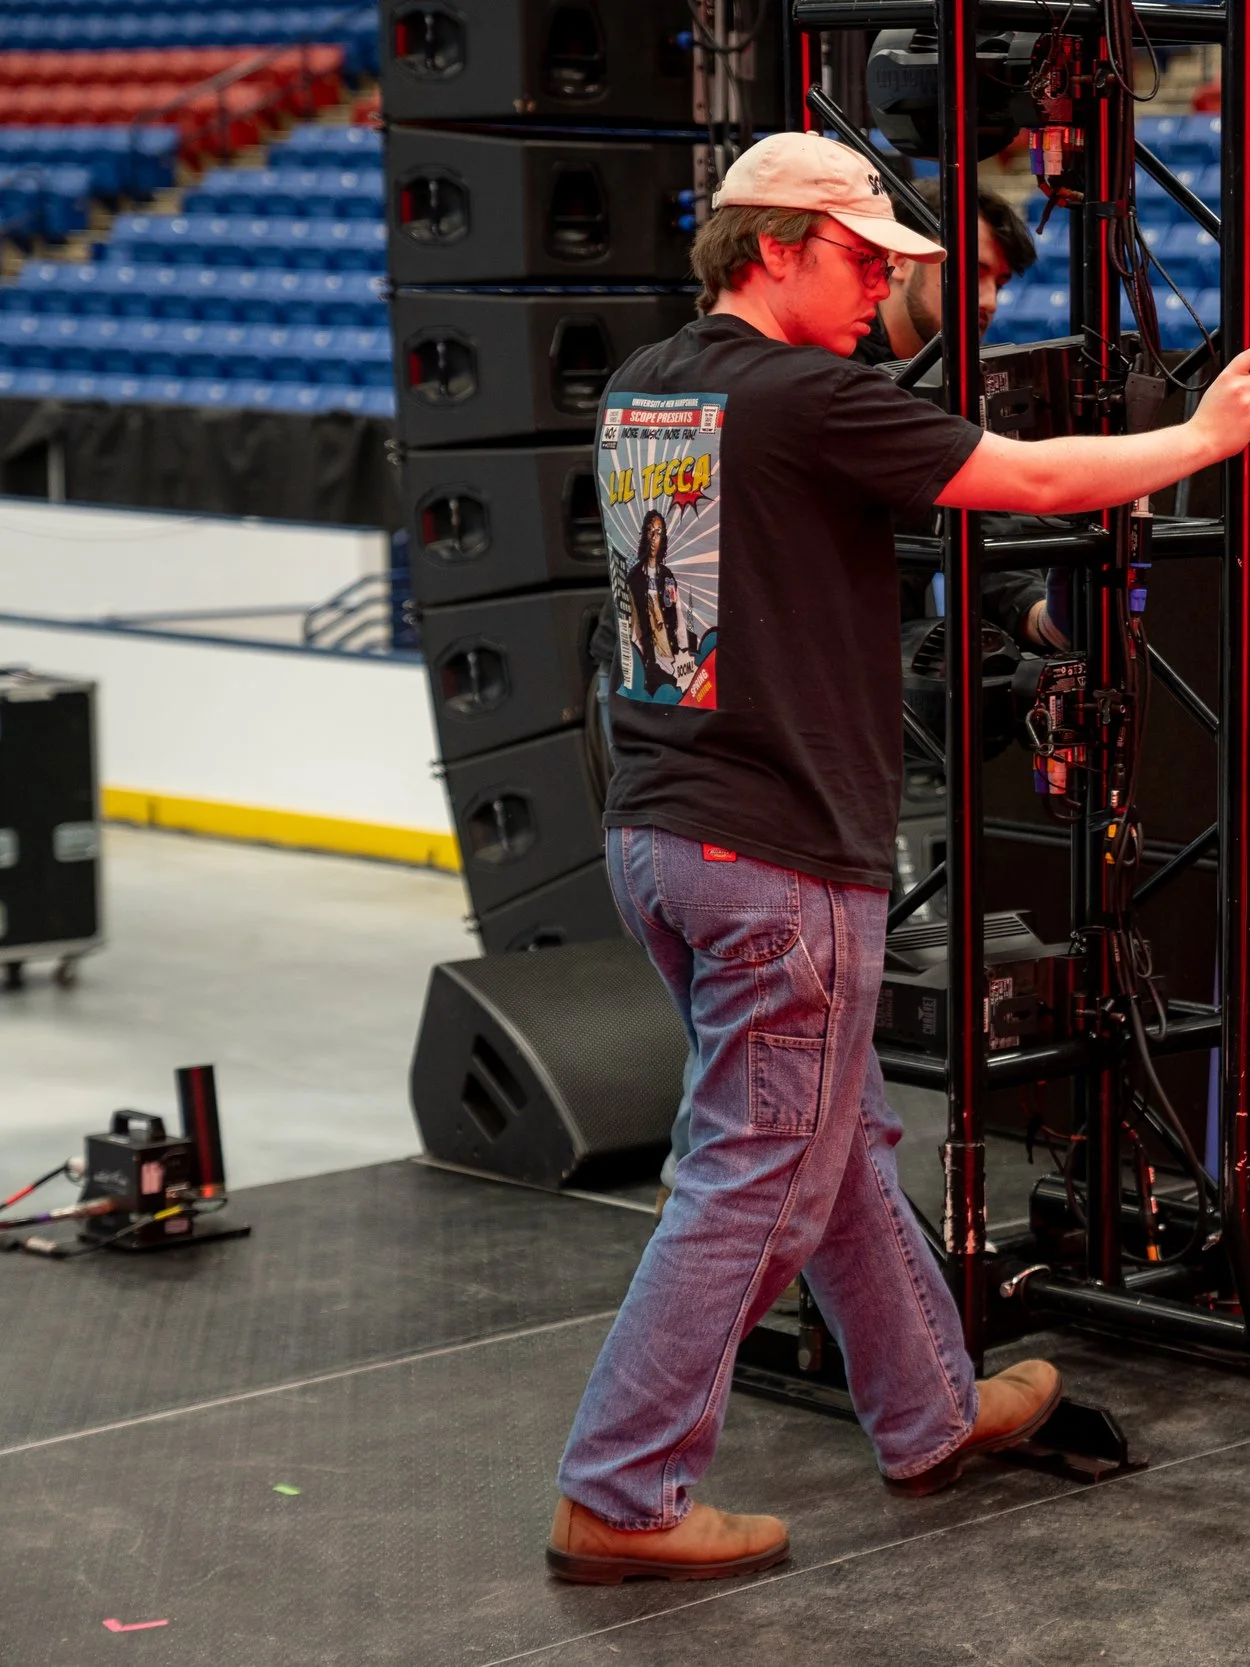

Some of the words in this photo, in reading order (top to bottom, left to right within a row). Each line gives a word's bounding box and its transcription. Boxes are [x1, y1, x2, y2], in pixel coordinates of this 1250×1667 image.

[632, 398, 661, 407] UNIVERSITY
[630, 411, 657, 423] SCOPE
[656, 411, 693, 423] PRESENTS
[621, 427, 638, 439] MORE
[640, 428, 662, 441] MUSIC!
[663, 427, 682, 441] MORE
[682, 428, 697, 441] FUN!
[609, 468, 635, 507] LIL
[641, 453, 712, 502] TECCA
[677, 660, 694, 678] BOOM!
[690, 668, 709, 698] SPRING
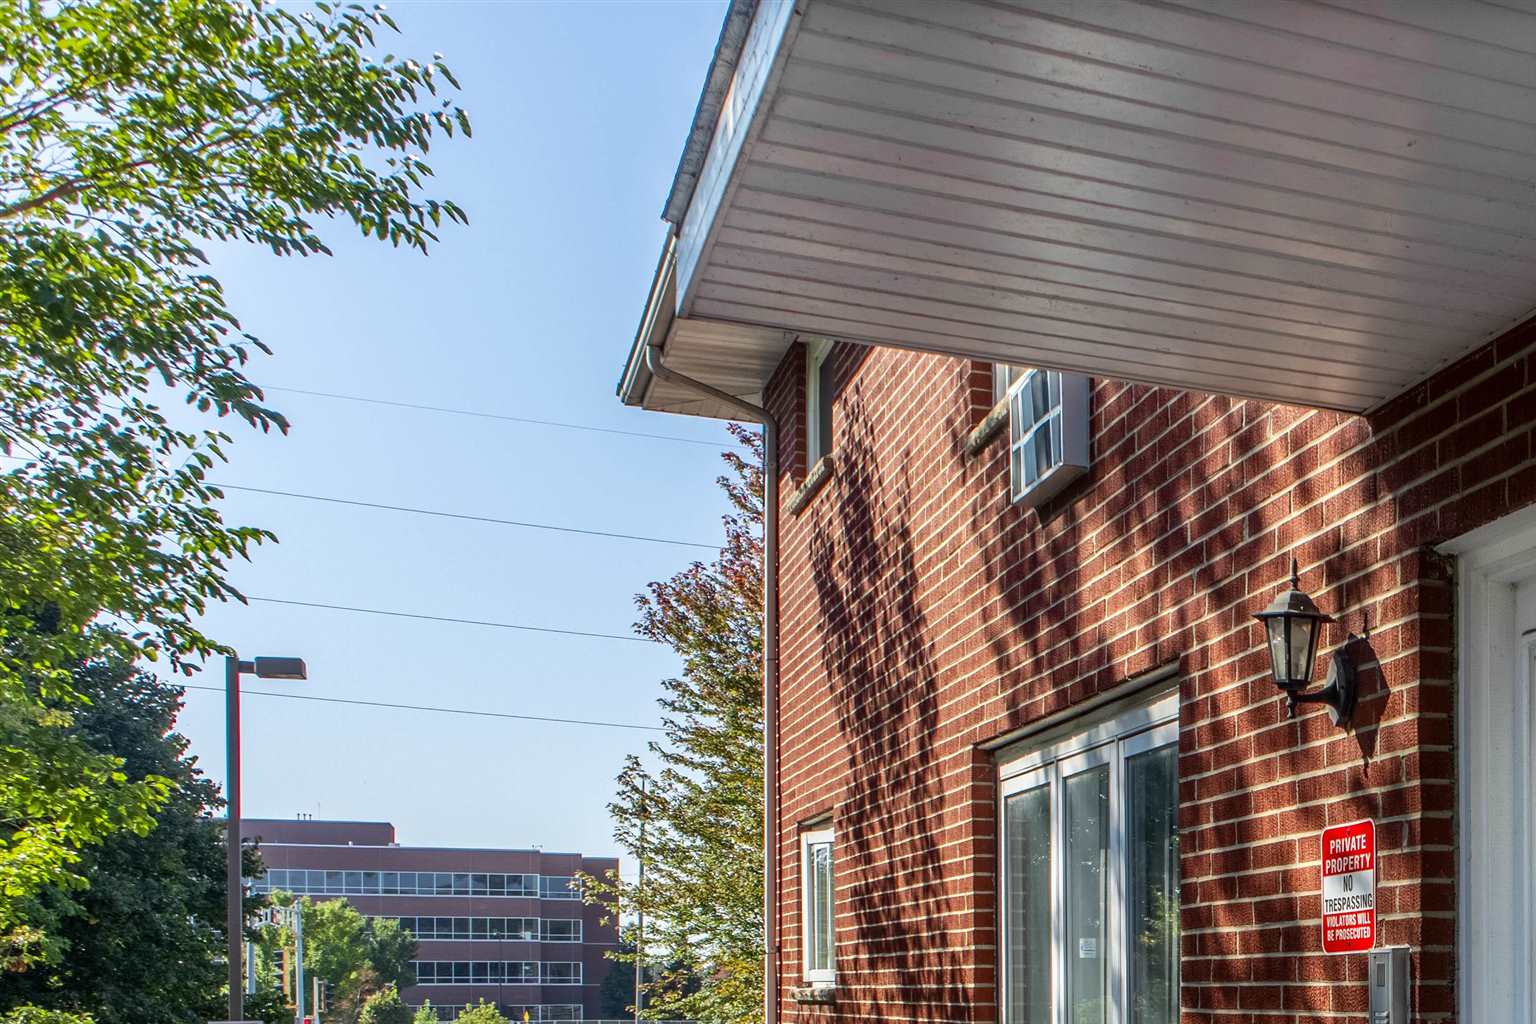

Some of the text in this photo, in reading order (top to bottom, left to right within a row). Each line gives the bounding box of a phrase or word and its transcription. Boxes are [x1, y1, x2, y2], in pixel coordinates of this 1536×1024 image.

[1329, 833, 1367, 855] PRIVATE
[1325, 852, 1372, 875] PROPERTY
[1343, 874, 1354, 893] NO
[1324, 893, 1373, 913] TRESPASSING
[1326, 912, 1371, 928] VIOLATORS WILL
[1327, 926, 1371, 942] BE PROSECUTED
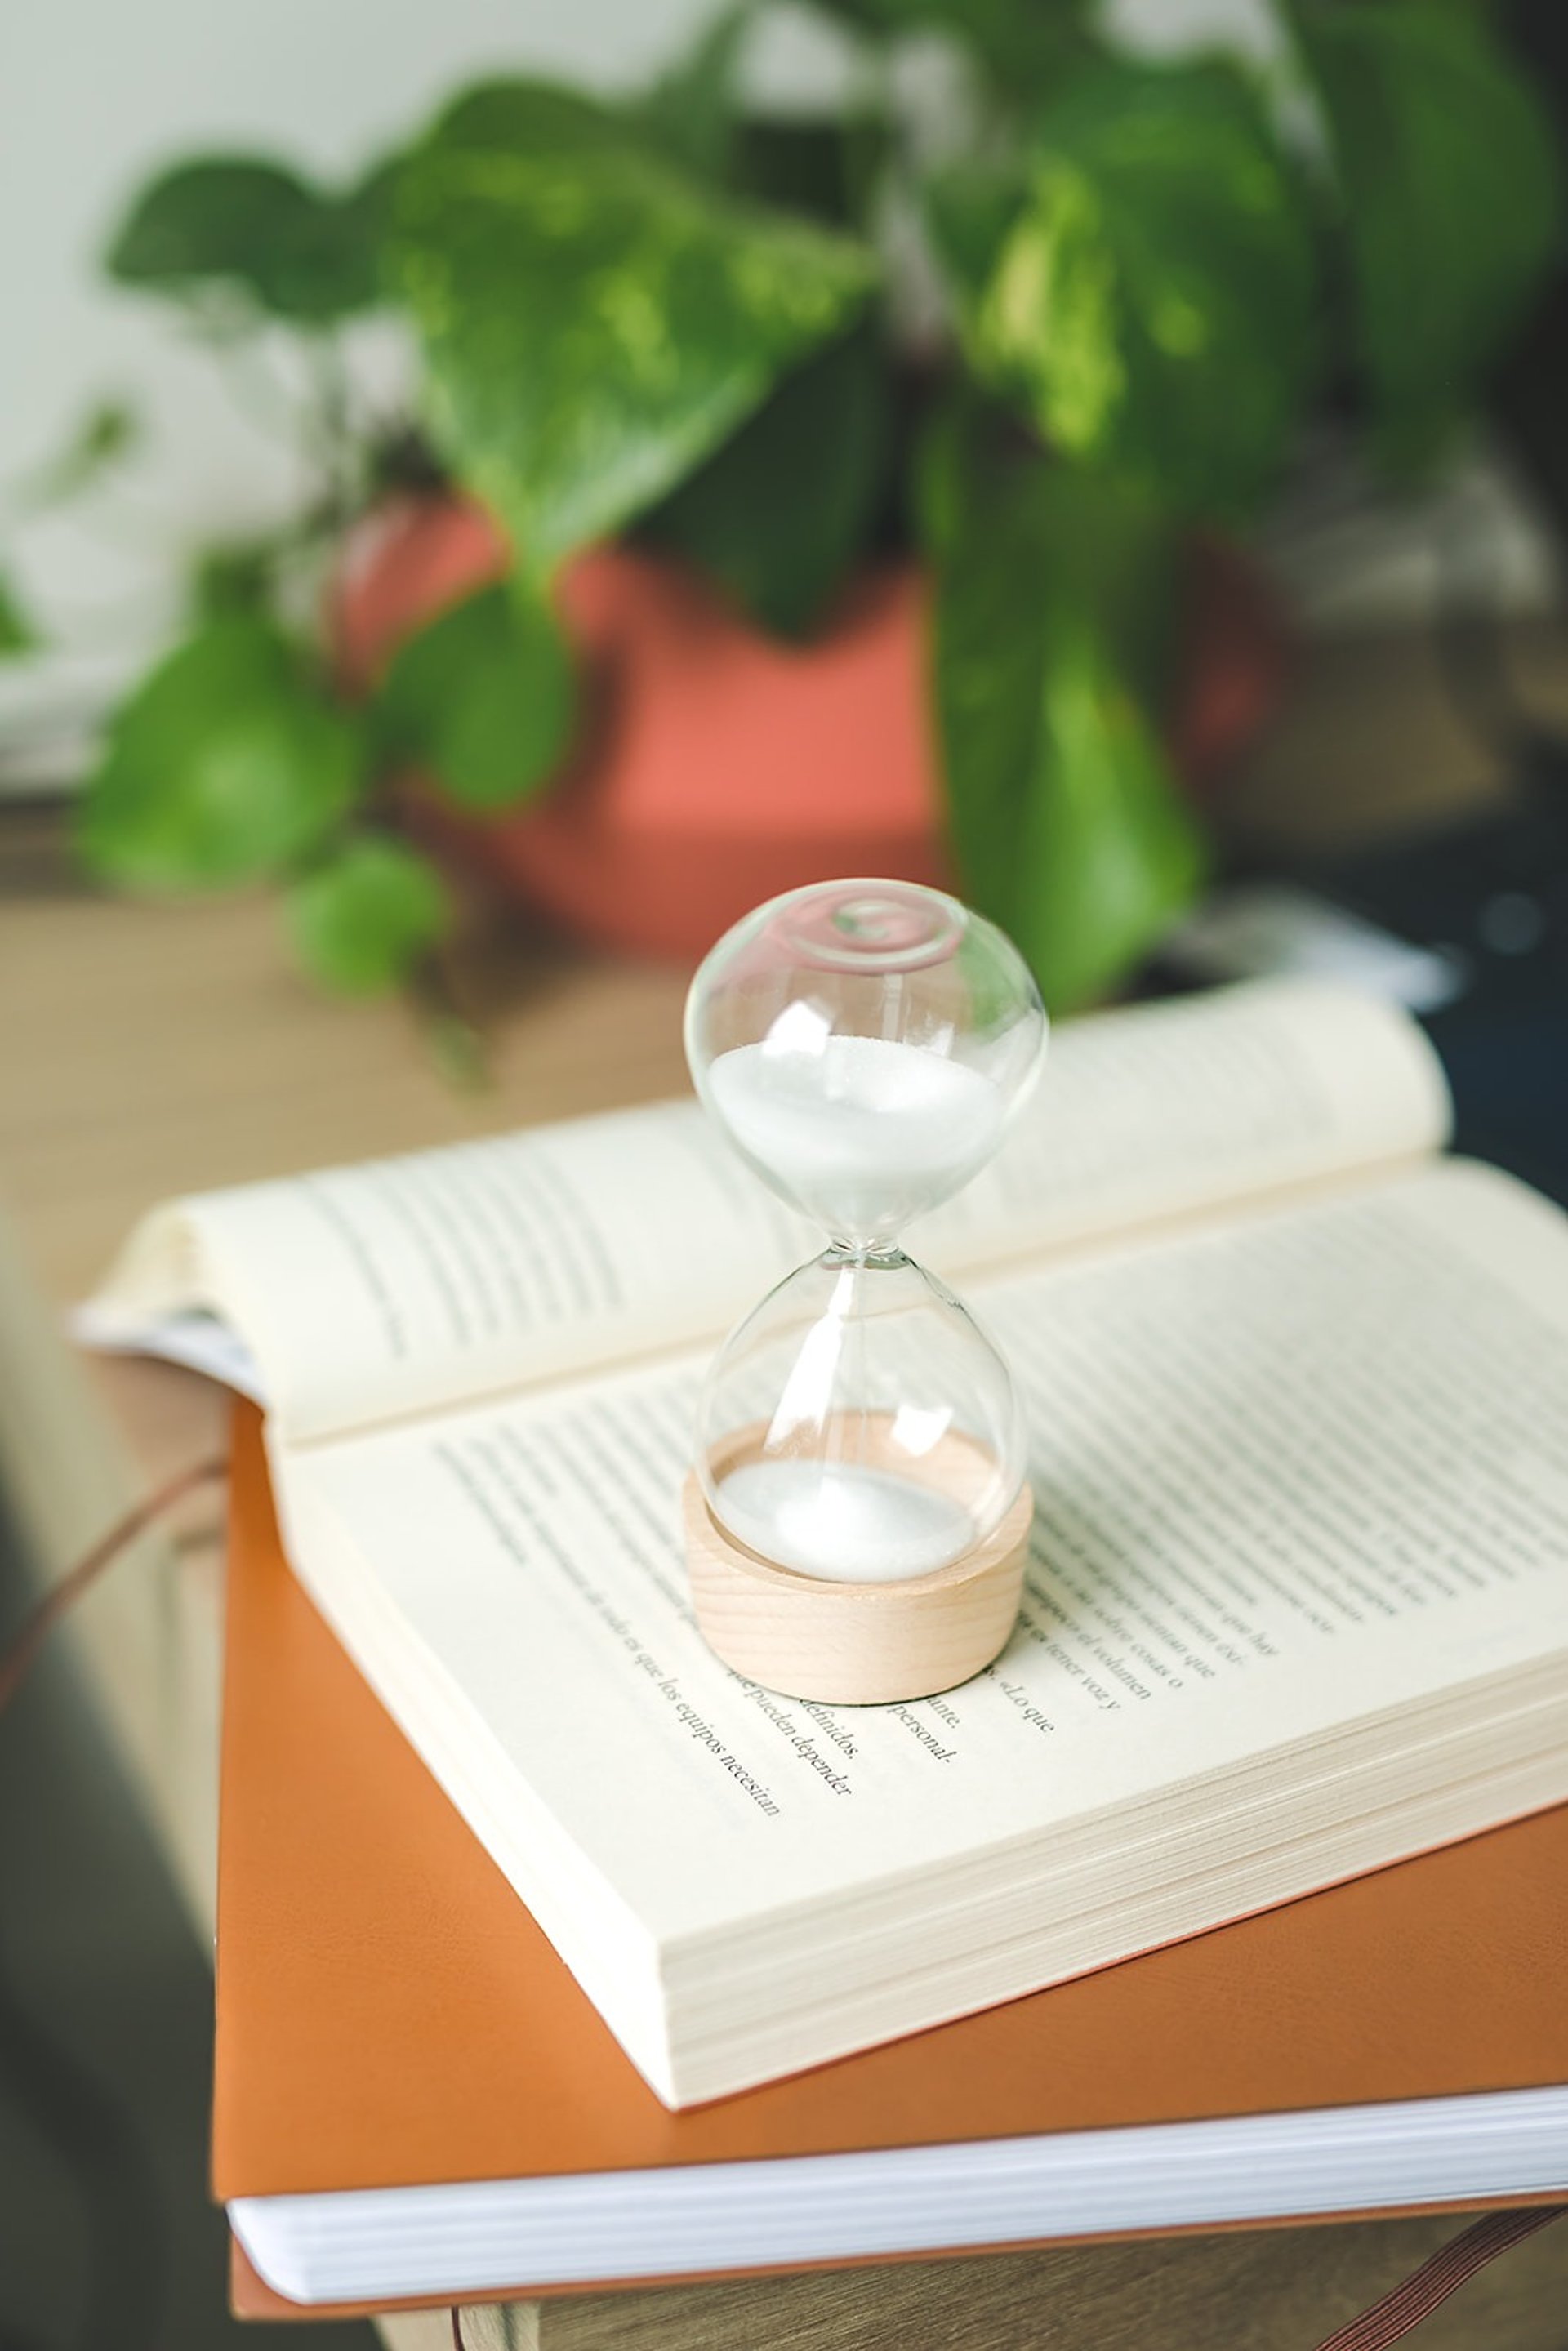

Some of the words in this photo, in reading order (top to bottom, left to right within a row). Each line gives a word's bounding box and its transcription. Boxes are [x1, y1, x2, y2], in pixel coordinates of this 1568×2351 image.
--*--
WORK REQUIRED – Write out the listing above exactly, images omitted.

RESULT FOR THIS TASK –
Some of the words in this photo, in reading order (top to bottom, left to right within a row). Each line gives a word's bounding box and its transcription. Boxes are [x1, y1, x2, y2], in pixel coordinates of this 1250×1667 image.

[632, 398, 661, 407] UNIVERSITY
[630, 411, 657, 423] SCOPE
[656, 411, 693, 423] PRESENTS
[621, 427, 638, 439] MORE
[640, 428, 662, 441] MUSIC!
[663, 427, 682, 441] MORE
[682, 428, 697, 441] FUN!
[609, 468, 635, 507] LIL
[641, 453, 712, 502] TECCA
[677, 660, 694, 678] BOOM!
[690, 668, 709, 698] SPRING

Some of the text in this photo, in reading order (top to bottom, left to right within a row). Each line gives the bounding box of a phrase or word and its transcription. Boxes are [x1, y1, x2, y2], in pixel coordinates of this 1536×1024 image.

[1329, 833, 1367, 855] PRIVATE
[1325, 852, 1372, 875] PROPERTY
[1343, 874, 1354, 893] NO
[1324, 893, 1373, 913] TRESPASSING
[1326, 912, 1371, 928] VIOLATORS WILL
[1327, 926, 1371, 942] BE PROSECUTED

Some of the words in this photo, in reading order (top to bottom, left to right within a row). Each line gives a word's bounding box and its transcription. Boxes are [x1, y1, x2, y2], in pixel coordinates of this 1568×2351 image.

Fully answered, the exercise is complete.